Algérie

La nuance qui sépare les discours de Tlemcen et de Laghaout



Dans son discours à la nation du 15 avril dernier, le chef de l'Etat avait fait connaître son intention de procéder à des réformes politiques «profondes», mais en affirmant qu'elle ne lui a pas été dictée par la crainte d'une contagion à l'Algérie du vent de révolte populaire qui s'est levé dans le monde arabe contre les régimes en place.
Sa détermination à faire des réformes politiques, Bouteflika l'a justifiée en faisant valoir que celles-ci s'inscrivent en tant que phase ultime du programme de rénovation globale de fonctionnement de l'Etat algérien, dont il a entamé la mise en 'uvre aussitôt arrivé au pouvoir en 1999. Cette raison donnée aux réformes politiques annoncées a servi de rengaine et d'argument de réfutation aux milieux officiels à l'idée que le pouvoir ne s'y résout que parce que paniqué par l'effervescence politique et sociale qui enfle dans le pays.

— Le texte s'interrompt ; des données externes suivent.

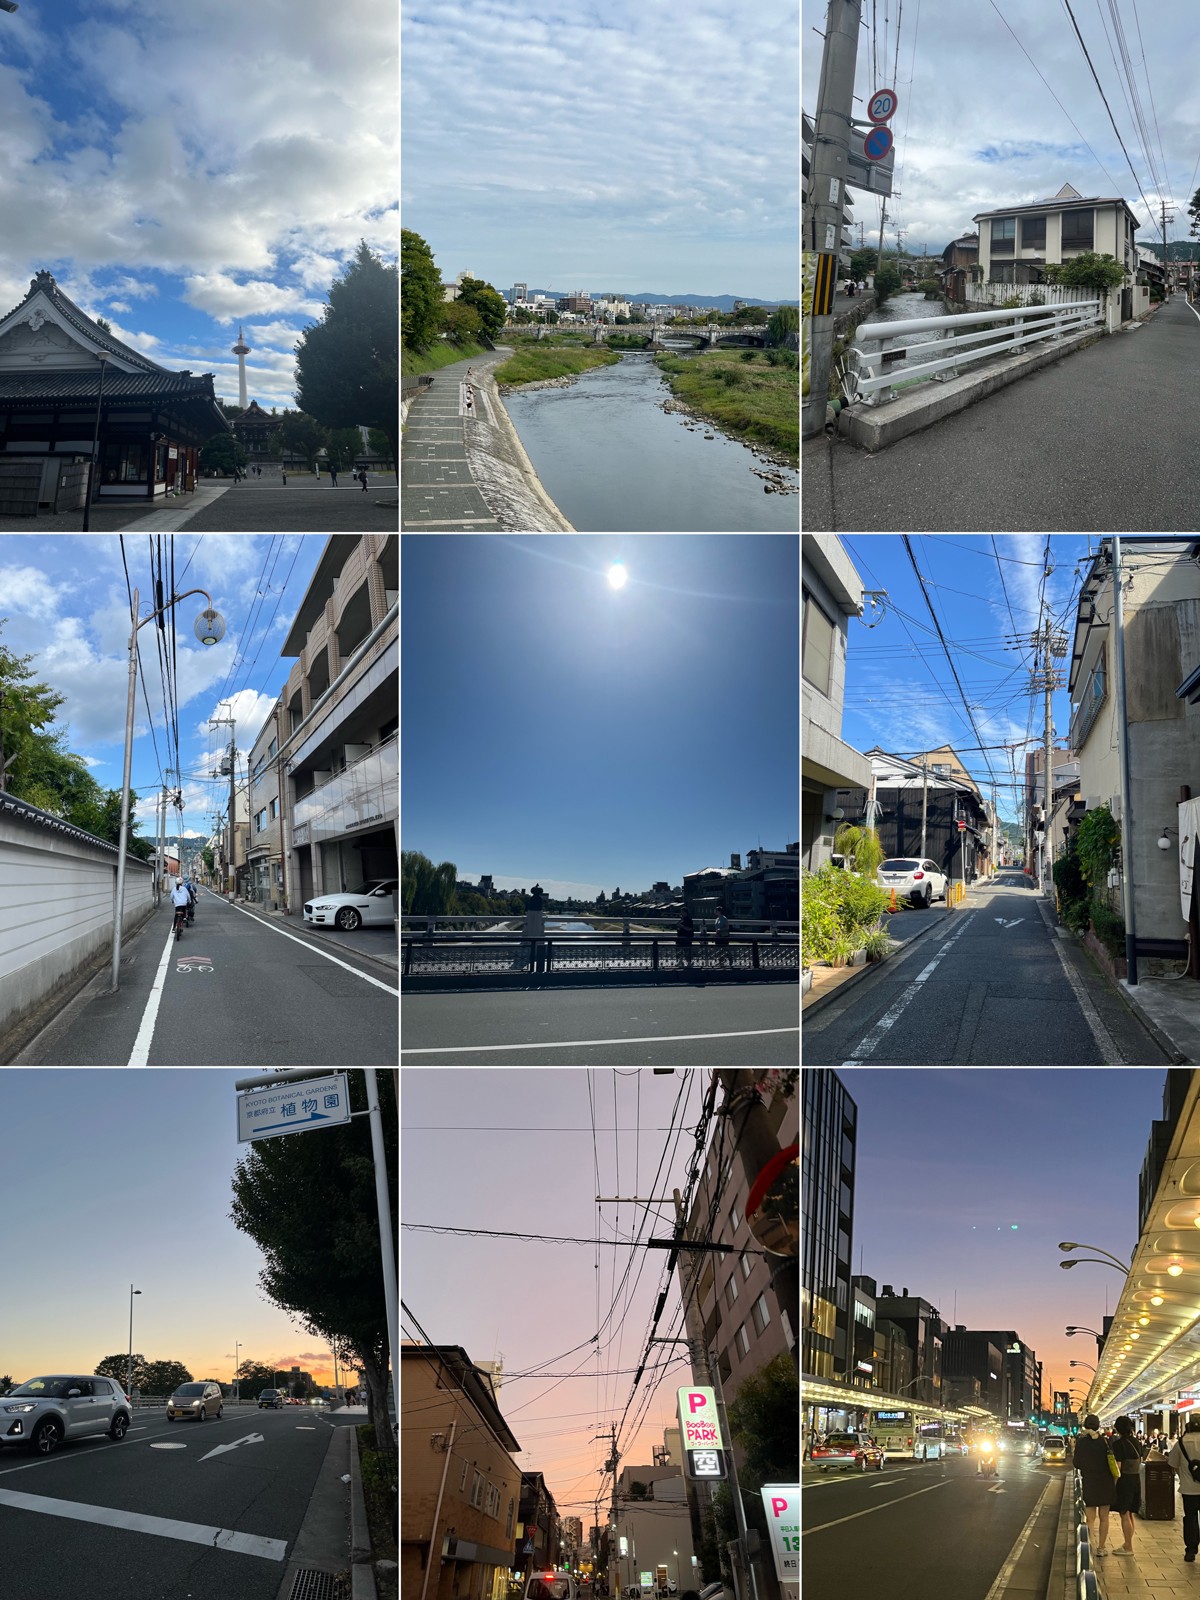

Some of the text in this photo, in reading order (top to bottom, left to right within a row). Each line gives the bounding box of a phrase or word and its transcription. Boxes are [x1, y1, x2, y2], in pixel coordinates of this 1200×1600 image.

[874, 97, 891, 115] 20
[246, 1084, 338, 1108] KYOTO BOTANICAL GARDENS
[246, 1093, 340, 1118] 京都府立 植物園
[688, 1393, 707, 1413] P
[687, 1429, 718, 1440] PARK
[771, 1498, 788, 1517] P

Bouteflika n'a pas en apparence varié dans sa présentation des raisons qui l'ont conduit à engager des réformes politiques. A Laghouat, où pour la première fois depuis le 15 avril il a été possible de savoir ce qu'il pense du processus de réformes politiques entamé, le Président a réitéré la même antienne, à savoir que son initiative est intervenue dans une Algérie qui est « en paix et 'uvre pour la construction d'une société basée sur les principes de la liberté, de la justice et de la solidarité, dans un climat de sécurité et de concorde, après avoir réussi à dépasser la crise qui a menacé sa stabilité et sa capacité à s'inscrire dans le développement».

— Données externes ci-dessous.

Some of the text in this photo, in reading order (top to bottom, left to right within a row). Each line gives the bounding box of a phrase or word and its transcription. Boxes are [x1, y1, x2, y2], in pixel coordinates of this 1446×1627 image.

Belle envolée de sa part en réplique à ceux qui voient dans les réformes politiques une opération conçue comme tentative de créer un pare-feu à l'incendie qui menace la « maison Algérie ». Sauf que l'assurance présidentielle est prise en défaut à la lecture d'un autre passage du discours de Laghouat (qu'étrangement Bouteflika n'a pas prononcé dans son intégralité). Il y est dit en effet «que le monde connaît de grands changements et la nation arabo-musulmane connaît un parcours difficile. L'Algérie, en tant que partie de ce monde, a une influence et elle est influencée par ce qui se passe autour d'elle. Dans ces conditions, elle a pris sa responsabilité sincère de mettre en place un climat de réformes politiques, économiques et sociales qui répondent aux aspirations de la société et à ses attentes de réformes permanentes… ». On ne peut mieux avouer que ce que le pouvoir algérien a entrepris, comme un ensemble de réformes qui lui est imposé par la conjoncture nationale, régionale et internationale, à tout point de vue menaçante pour sa stabilité et sa pérennité.

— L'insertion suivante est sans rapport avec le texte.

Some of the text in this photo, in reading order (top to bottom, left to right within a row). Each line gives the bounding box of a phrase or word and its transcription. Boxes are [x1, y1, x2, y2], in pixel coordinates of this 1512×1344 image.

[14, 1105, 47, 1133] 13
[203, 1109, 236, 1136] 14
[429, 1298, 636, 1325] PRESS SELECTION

Si le ciel algérien est aussi serein que veut le faire croire le chef de l'Etat, pourquoi a-t-il engagé des réformes politiques, alors que, selon lui et les hommes du sérail qui relaient sa vision, le pays ne vit pas une crise politique ' N'est-ce pas parce qu'il a plutôt senti le vent de la révolte se lever et qu'il lui fallait donner les gages d'une volonté de changement ' C'est à l'évidence ce qui a fait bouger Bouteflika et le pouvoir. Sauf qu'il ne paraît pas évident que le lest jeté par eux soit de nature à les prémunir du vent de contestation qui souffle ailleurs dans le monde arabe. A l'ère où ce monde arabe se montre déterminé à en finir avec les gouvernances qui se targuent de vouloir faire « son bonheur » malgré lui et sans lui demander son avis, bien peu d'Algériens ont foi dans les réformes qui leur sont octroyées unilatéralement par le pouvoir.
Autant dire que le cycle de la contestation et de la revendication en Algérie ne va pas être clos par les réformes engagées. Le feu couve au contraire et l'embrasement se produira à la moindre occasion.